One study, published by The New York Times in 2012, concluded that it does; however, a closer look at that study showed there were only 11 participants. With such a small population sample, it’s difficult to make a scientific case. In fact, there is a history of mixed results from studies where scientists try to learn more about the effects of massage on sore muscles.

Equally mixed results have been found when addressing whether creams containing menthol and wintergreen oil are effective in easing the pain of sore muscles. Both menthol and methyl salicylate, which is the active ingredient in wintergreen oil, have been found to improve blood flow, and some scientists believe that creams with these ingredients create the illusion of pain relief because they make the skin feel cold and then warm, distracting the person from the feeling of pain in the muscles.

Easing Pain

Regardless of the varied research, a massage after a workout feels good—plain and simple—and creams with menthol and wintergreen have been found to decrease pain, according to a 2010 study published in Clinical Therapeutics. When clients come to therapy with sore muscles, LMTs can often make them feel better.

There is no question that regular exercise improves overall health, and, unfortunately, soreness often accompanies exercise. Despite the lack of hard evidence, there are theories as to why massage may be helpful for people with sore muscles. Some experts believe exercise coupled with massage actually increases the number of mitochondria, which aid in muscle regrowth.
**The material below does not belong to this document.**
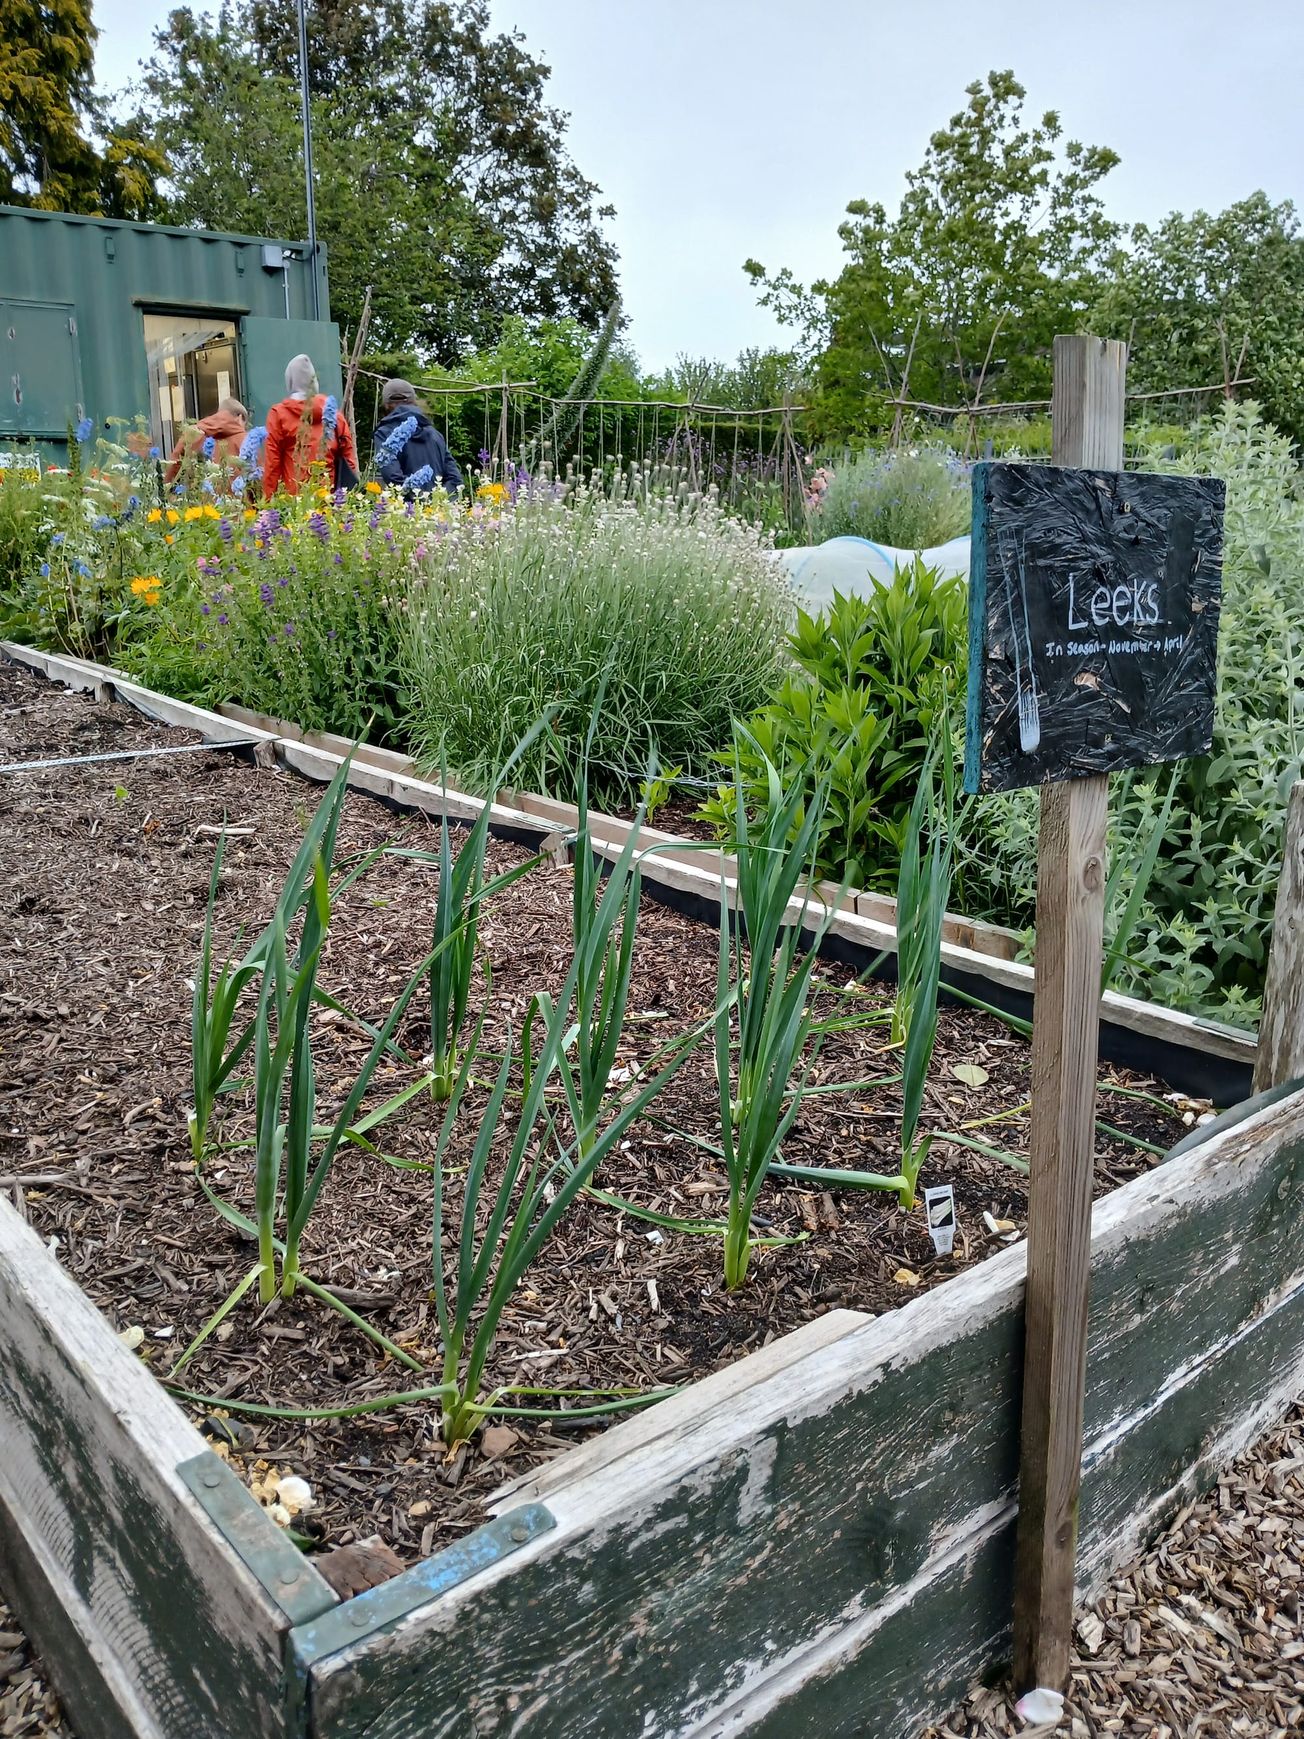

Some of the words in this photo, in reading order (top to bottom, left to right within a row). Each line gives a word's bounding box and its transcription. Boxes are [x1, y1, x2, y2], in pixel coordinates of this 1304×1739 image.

[1046, 642, 1063, 657] In
[1108, 640, 1153, 654] November
[1164, 634, 1183, 653] April
For clients who are athletes and frequently experience sore muscles or those with arthritis or other conditions that cause painful joints, creams with menthol and wintergreen may be helpful between therapy sessions, as well.

Contraindications

LMTs should make sure clients are not allergic to aspirin before using a cream that contains wintergreen. Some people are hyper-sensitive to menthol, as well, and may experience adverse effects. Before using any cream, LMTs should be sure to talk to patients about sensitivities and allergies.